Doch vor allem wurden während der Epidemie die finanziellen Mittel für die sexuelle und reproduktive Gesundheit umverteilt. Sie wurden nun für die Notfallversorgung eingesetzt, sodass nicht mehr genügend Ressourcen für die notwendige medizinische Versorgung von Frauen zur Verfügung stand.
Angesichts dieser Verhältnisse ging der Bevölkerungsfonds der Vereinten Nationen aufgrund der Ebolafieber-Epidemie von „120.000 vermeidbaren Todesfällen von Müttern“ aus.
Die Auswirkungen der Corona-Pandemie könnten noch schwerwiegender sein.
Die Folgen von Corona für die Gesundheitsversorgung von Frauen
Infolge der COVID-19-Pandemie könnten rund 49 Millionen Frauen und Mädchen keinen Zugang zu Verhütungsmitteln haben und bis zu 15 Millionen ungewollt schwanger werden, wenn der Lockdown ein ganzes Jahr andauert.
Darüber hinaus sind schwangere Frauen und Mütter kurz nach der Geburt auf verschiedene medizinische Untersuchungen und Eingriffe angewiesen. Doch wenn die Angst um die eigene Gesundheit und die ihres Kindes Frauen daran hindert, eine Klinik oder medizinische Einrichtung aufzusuchen, kann dies erhebliche Folgen haben. Dies trifft insbesondere in von Armut am stärksten betroffenen Ländern zu, wo ohnehin schon 1 von 45 Frauen während der Schwangerschaft oder kurz nach der Geburt stirbt.
Infolge der aktuellen Corona-Pandemie wird Frauen der Zugang zur sexuellen und reproduktiven Gesundheitsversorgung erschwert und die „Lieferung von Verhütungsmitteln verzögert sich“. Darüber hinaus gibt es aufgrund der Corona-Pandemie viel mehr Hausgeburten. Das birgt zahlreiche Risiken für die Mutter und ihr Kind. Die aktuellen Kürzungen bei der Schwangerschaftsvorsorge und Geburtshilfe könnten dazu führen, dass 113.000 Frauen während der Schwangerschaft oder kurz nach der Geburt sterben – vor allem in Ländern mit niedrigem und mittlerem Einkommen. Diese Zahl könnte durch die Corona-Krise drastisch ansteigen. Schon 2017, also vor der Pandemie, entfielen 86 % der Todesfälle von Frauen während der Schwangerschaft oder kurz nach der Geburt auf Afrika südlich der Sahara und Südasien.

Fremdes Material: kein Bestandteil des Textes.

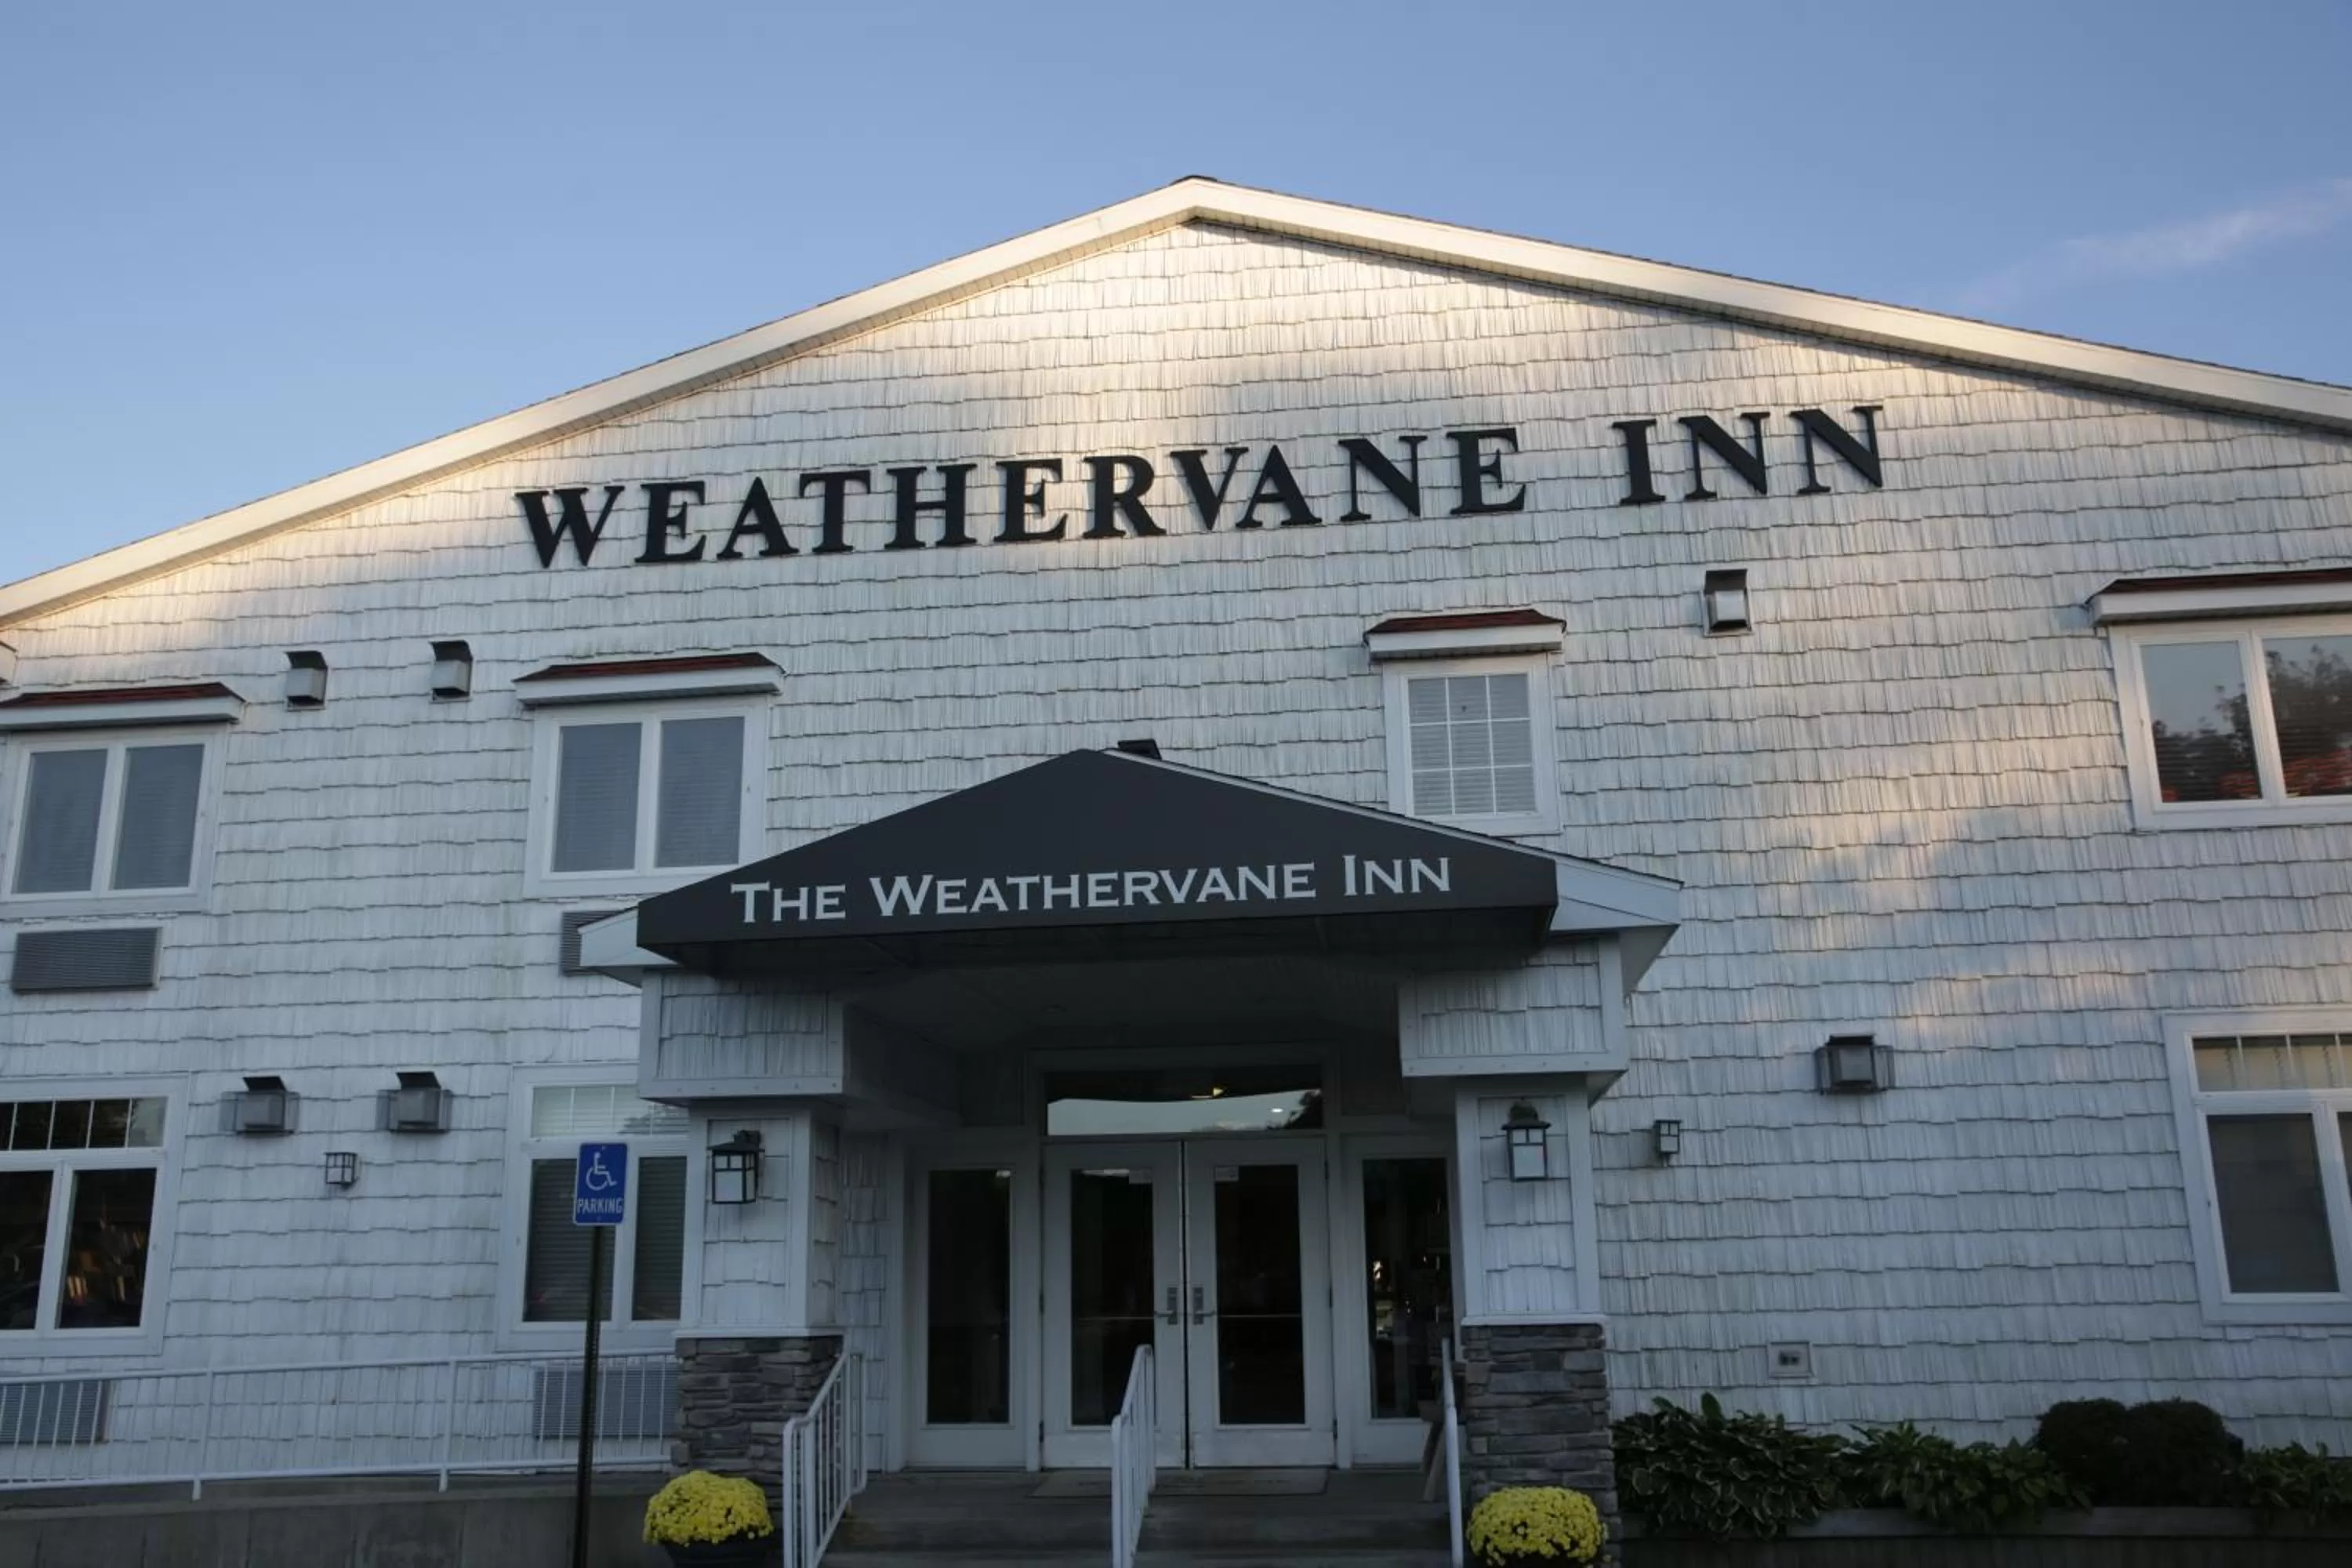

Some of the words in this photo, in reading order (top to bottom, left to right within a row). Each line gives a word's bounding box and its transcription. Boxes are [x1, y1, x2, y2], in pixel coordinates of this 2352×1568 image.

[515, 425, 1526, 569] WEATHERVANE
[1611, 405, 1883, 506] INN
[731, 882, 846, 923] THE
[869, 862, 1316, 916] WEATHERVANE
[1343, 855, 1451, 896] INN
[576, 1197, 623, 1214] PARKING
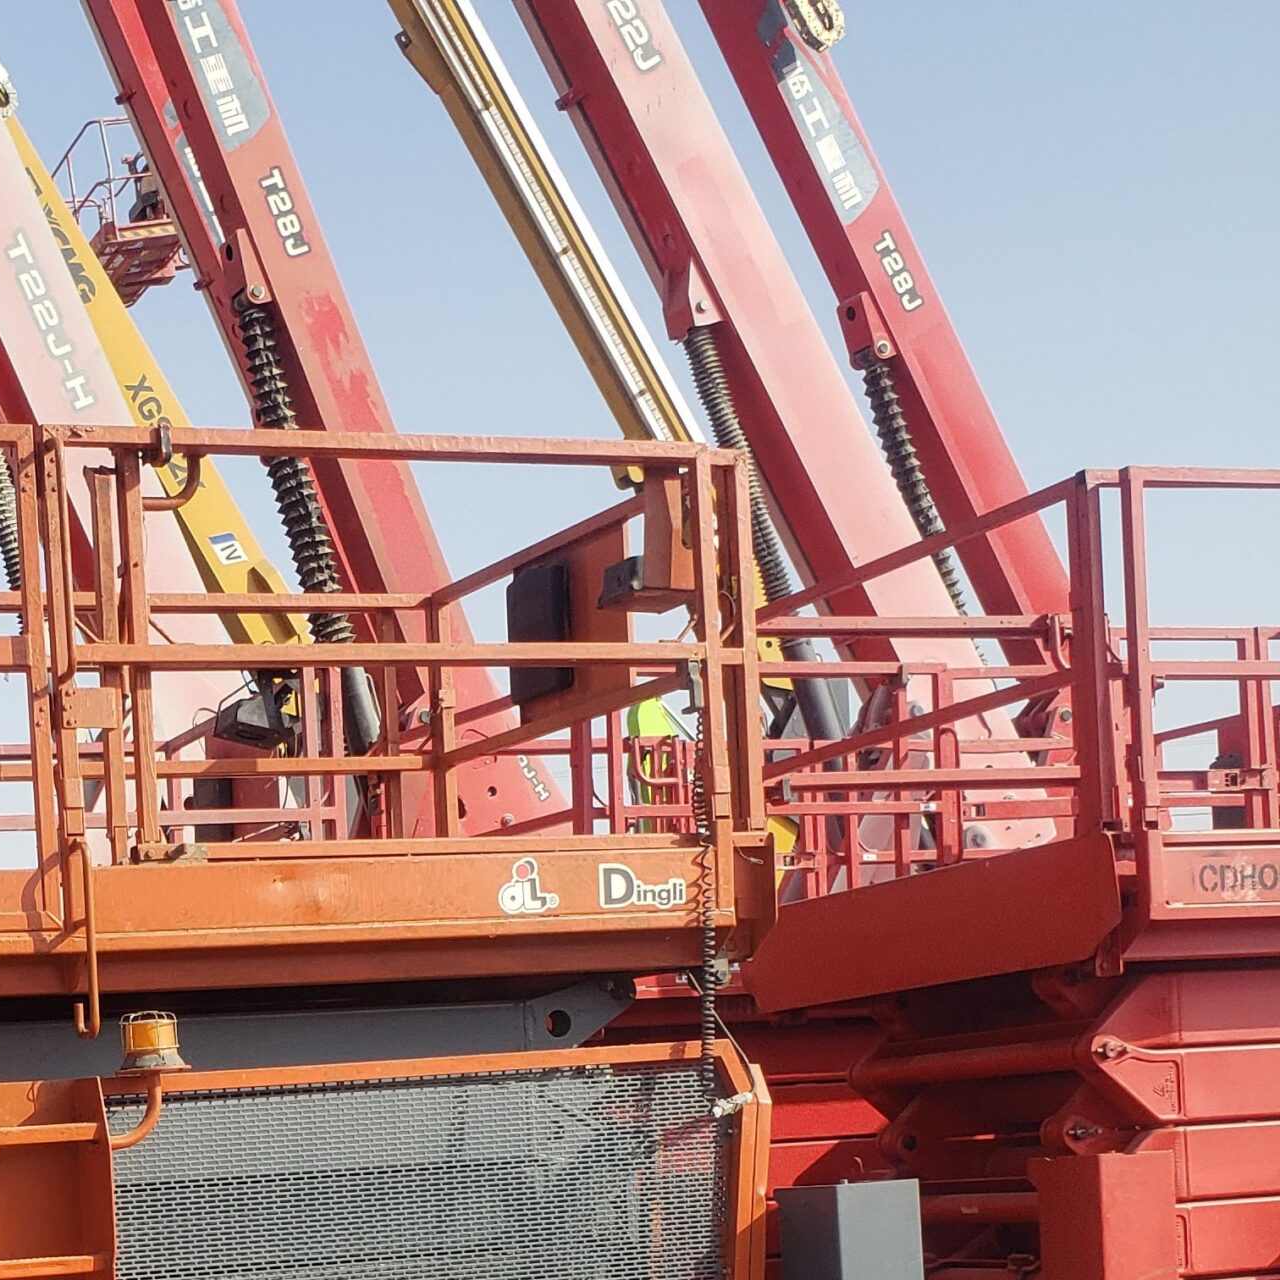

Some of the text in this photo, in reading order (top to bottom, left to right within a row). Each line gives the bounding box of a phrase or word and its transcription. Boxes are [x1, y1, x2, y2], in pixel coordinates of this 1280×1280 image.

Doch wenn Regierungen und Staatschefs jetzt entschlossen handeln, können diese Folge abgemildert werden.
Die Gesundheitsversorgung von Müttern muss Priorität haben
Um die Auswirkungen der Corona-Krise auf die medizinische Versorgung schwangerer Frauen und die Müttersterblichkeit zu mindern, muss die Politik weltweit dafür sorgen, dass die Müttergesundheit priorisiert behandelt wird. Dies erfordert Investitionen in das Gesundheitssystem, um einerseits angemessen auf die Corona-Pandemie reagieren zu können und andererseits die notwendigen Mittel für die Schwangerschaftsvorsorge und Geburtshilfe zur Verfügung stellen zu können. Nur so wird sichergestellt, dass werdende Mütter die medizinische Versorgung erhalten, die sie benötigen, und jeder Mensch weltweit die Corona-Pandemie überleben kann.